The scenes of joy and celebrations that occurred following the announcement of Bouteflika’s decision not to run for the fifth mandate faded quickly with the realization that Bouteflika was not really going to step down in the near future. Instead, the protests focused on the need to replace Bouteflika, who was unable to fulfill his post as stipulated in article 102 of the constitution – the core argument in the protests that took place in Algeria since mid-February.

Protests spread all over Algeria, led by thousands of youngsters, students, and university teachers. The Algerian National Bar Association demanded the elections be conducted on their original date. Unlike other countries that experienced the Arab Spring, the Algerian protests have until now been peaceful and non-confrontational. The protests were quickly joined by six trade union organizations, including the employees of the port of Bejaia who staged a three-day strike demanding a change of regime. Thirteen opposition parties expressed their rejection of the timetable set by the regime, claiming that the regime’s decisions were pushing Algerians into a revolution. As a countermeasure, the opposition parties asked all members of both houses of parliament to withdraw their membership and stage sit-ins until the regime bows to their demands.

What Next for Algeria?

The big question remains, where is Algeria heading? Much depends on the actions of several groups in Algeria: The ruling “clique” made of Bouteflika’s entourage could lose its privileges together with a cabal of high ranking officers, veterans of the war of independence and the FLN “Old Guard.” Will they, along with the parasites of the Bouteflika era and the businessmen who have stakes in the oil and gas industry, allow a smooth transition of power? Or, will they maintain their coalition and fight the winds of change that have been felt in Algeria since mid-February. One thing is sure: Algerians have lost their fear of the regime and are ready to confront it; at this time the confrontation is still devoid of violence.

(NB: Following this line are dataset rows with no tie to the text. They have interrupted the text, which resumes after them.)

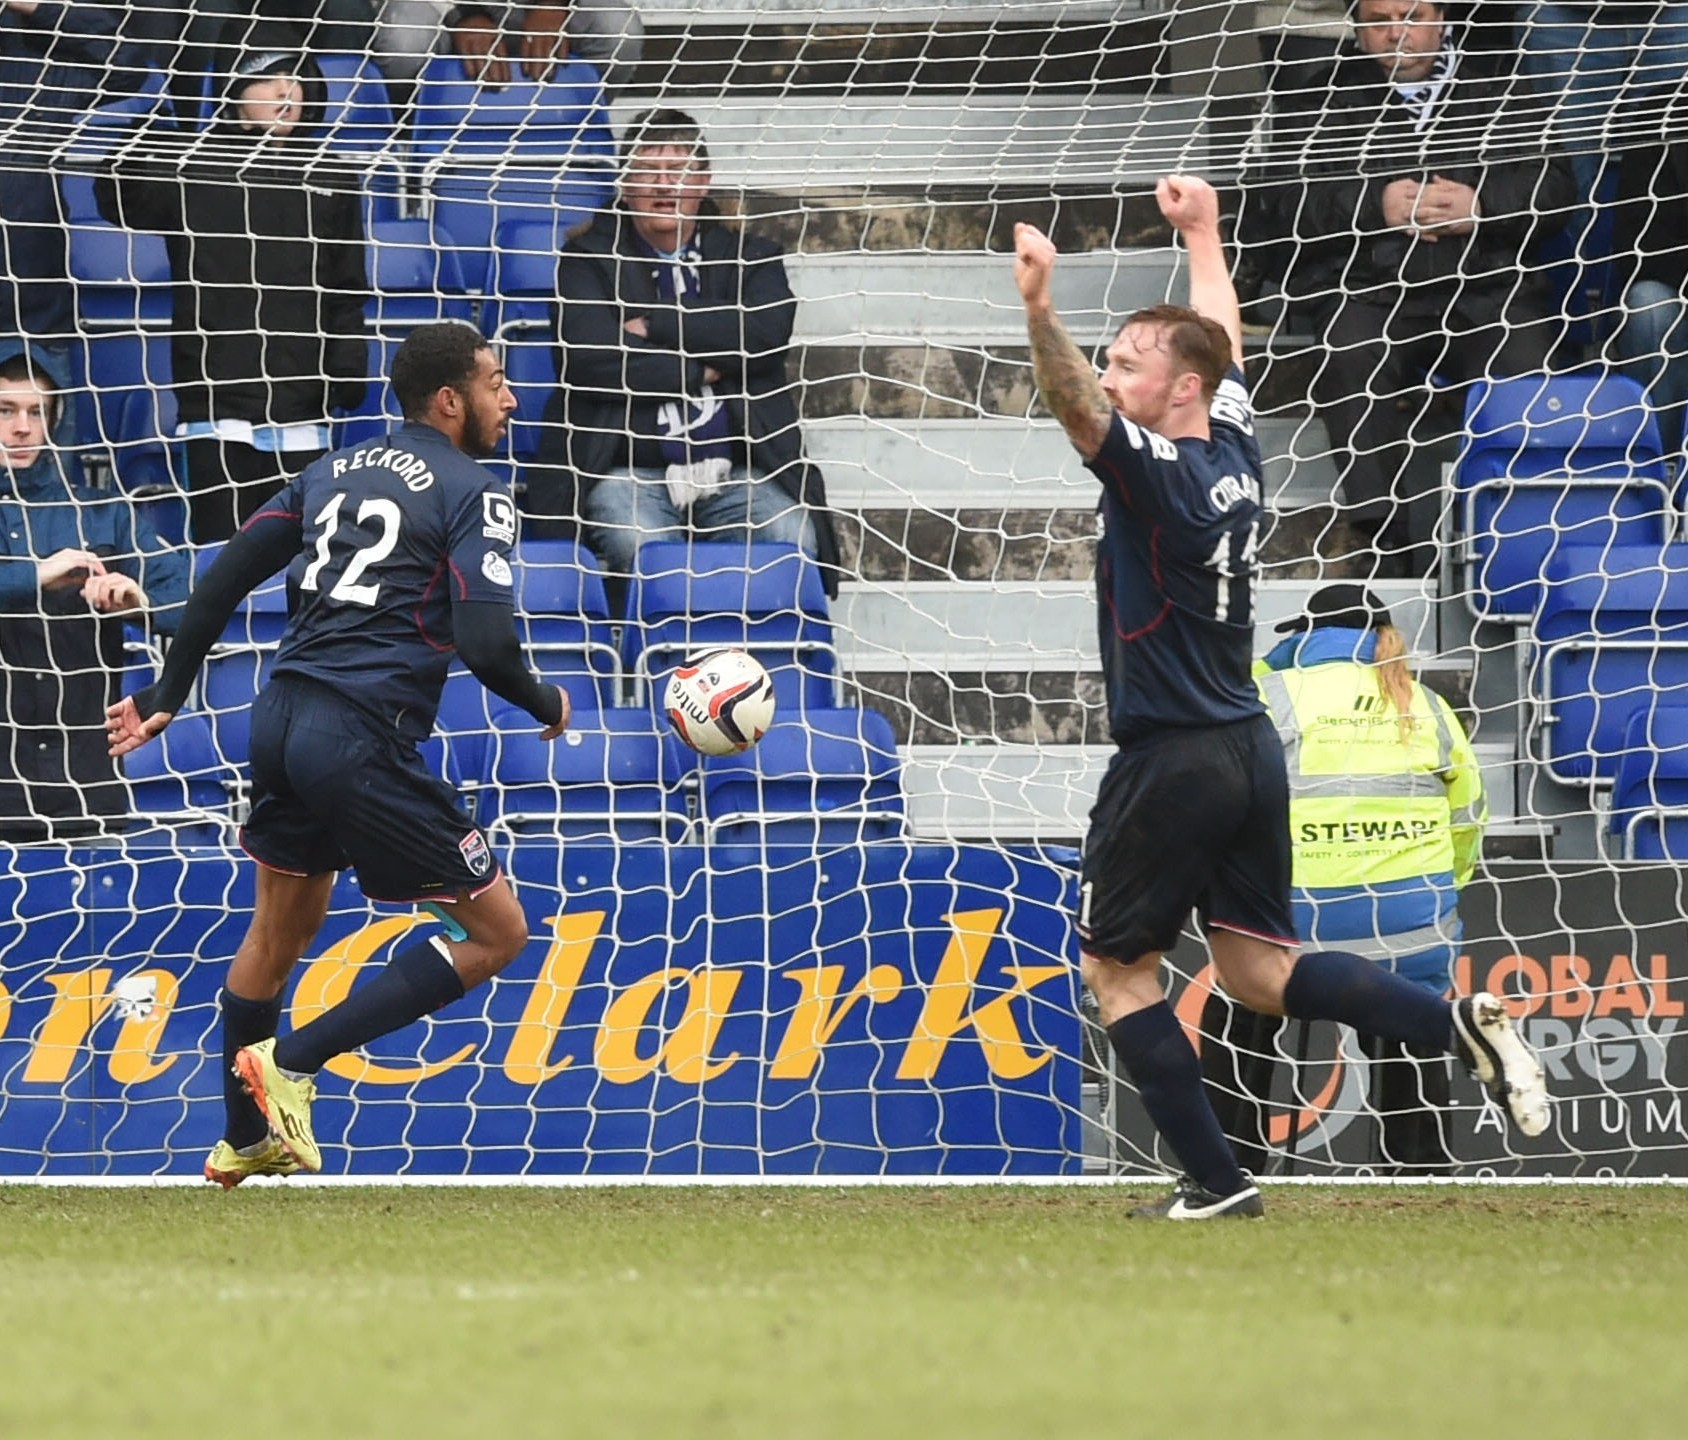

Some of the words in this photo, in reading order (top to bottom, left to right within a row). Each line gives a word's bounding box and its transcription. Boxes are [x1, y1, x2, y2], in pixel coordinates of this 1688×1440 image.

[332, 447, 434, 492] RECKORD
[300, 493, 400, 606] 12
[672, 681, 709, 724] mitre
[290, 908, 1071, 1085] Clark
[1442, 954, 1684, 1017] LOBAL

By March 16, 2019, officials in Algeria’s ruling party, the National Liberation Front (FLN), had announced their abandonment of Bouteflika. A senior leader, Hussein Khaldoun, told Al-Nahar TV that Bouteflika “is history now.”1

In this state of affairs, the chances that the regime will continue in its ill-fated policy and maintain Bouteflika as president beyond the April 18, 2019, deadline are very slim. It is the end of an era, and the beginning of a new chapter in Algeria’s history. Bearing in mind the importance of the role of the Algerian army, speculation is that the army will arrange for an orderly succession by choosing a kind of “marionette,” someone who has been part of the local elite who will continue to serve the army’s interests, as has been the case in most Arab military regimes. The latest declarations of the chief of the army hint that this scenario is the most concrete and realistic.

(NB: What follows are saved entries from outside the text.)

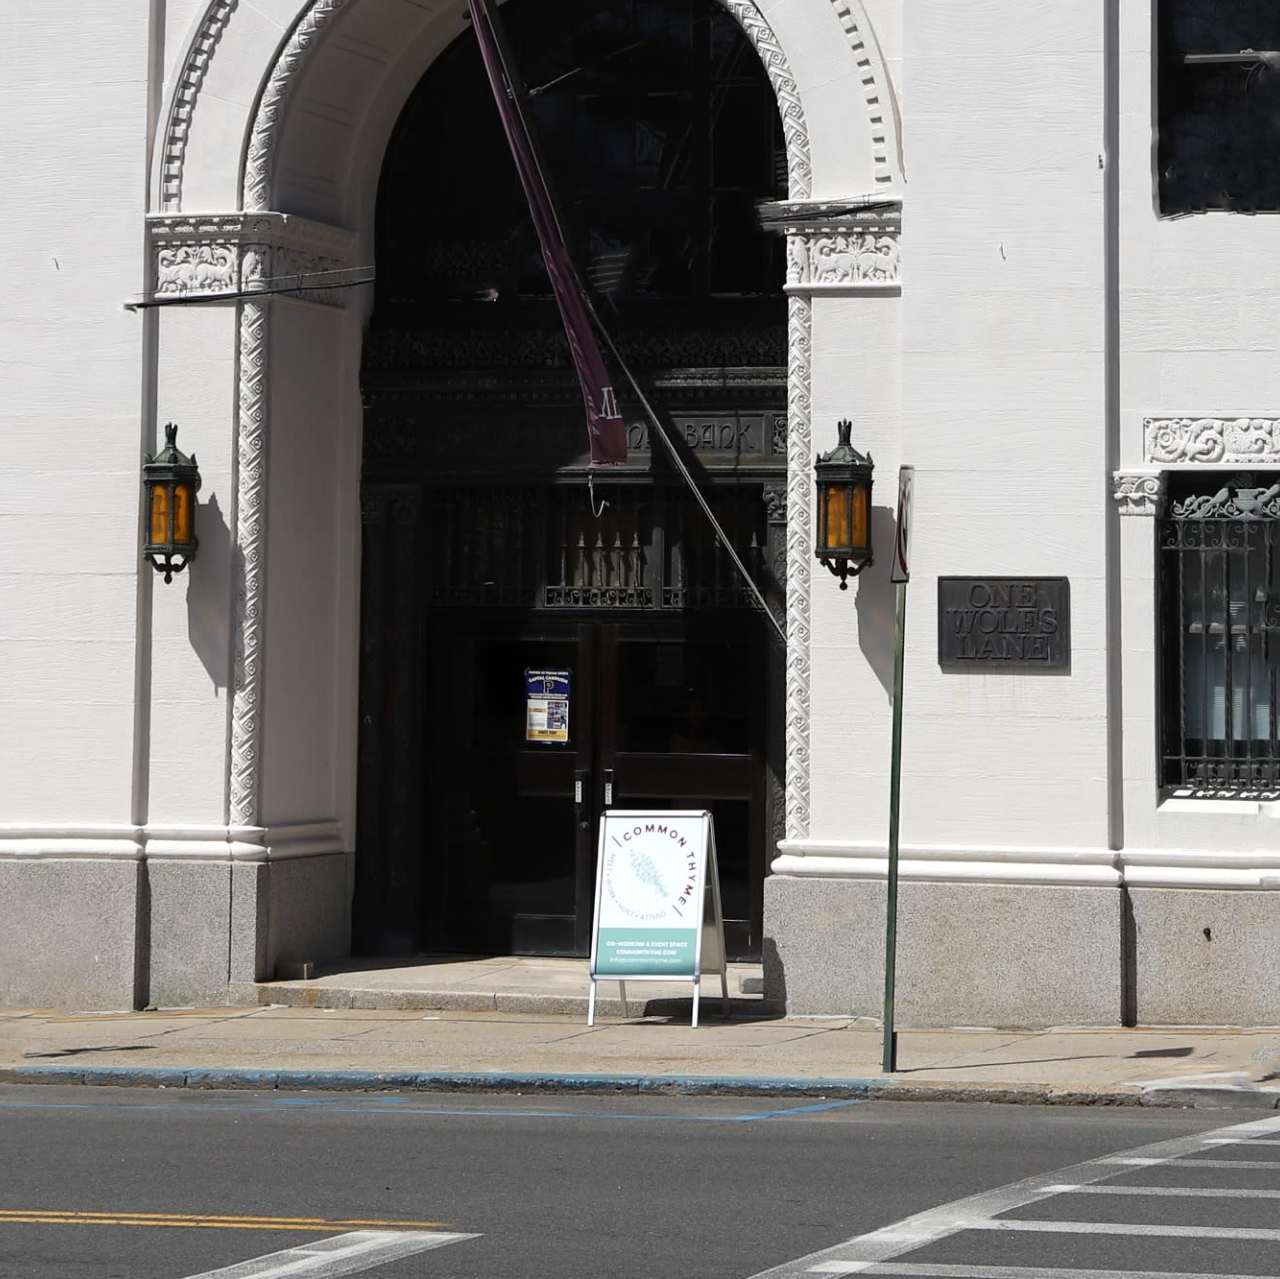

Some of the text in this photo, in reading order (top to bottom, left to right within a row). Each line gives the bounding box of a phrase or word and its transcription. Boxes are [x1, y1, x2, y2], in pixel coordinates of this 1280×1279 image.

[686, 423, 756, 450] BANK
[969, 583, 1038, 609] ONE
[945, 608, 1058, 635] WOLFS
[954, 634, 1049, 660] LANE
[623, 823, 697, 906] COMMON THYME

However, take into consideration that young Algerians represent two-thirds of the population of 41 million people. They were not part of the war of independence nor have any memory of Algeria’s colonial past that once dominated the Algerian peoples’ collective memory. “What was” will definitely not apply to the reality of today, which could mean that Algeria could enter a period of instability with all the unknown consequences that could influence its neighbors and its European customers for Algerian oil and gas.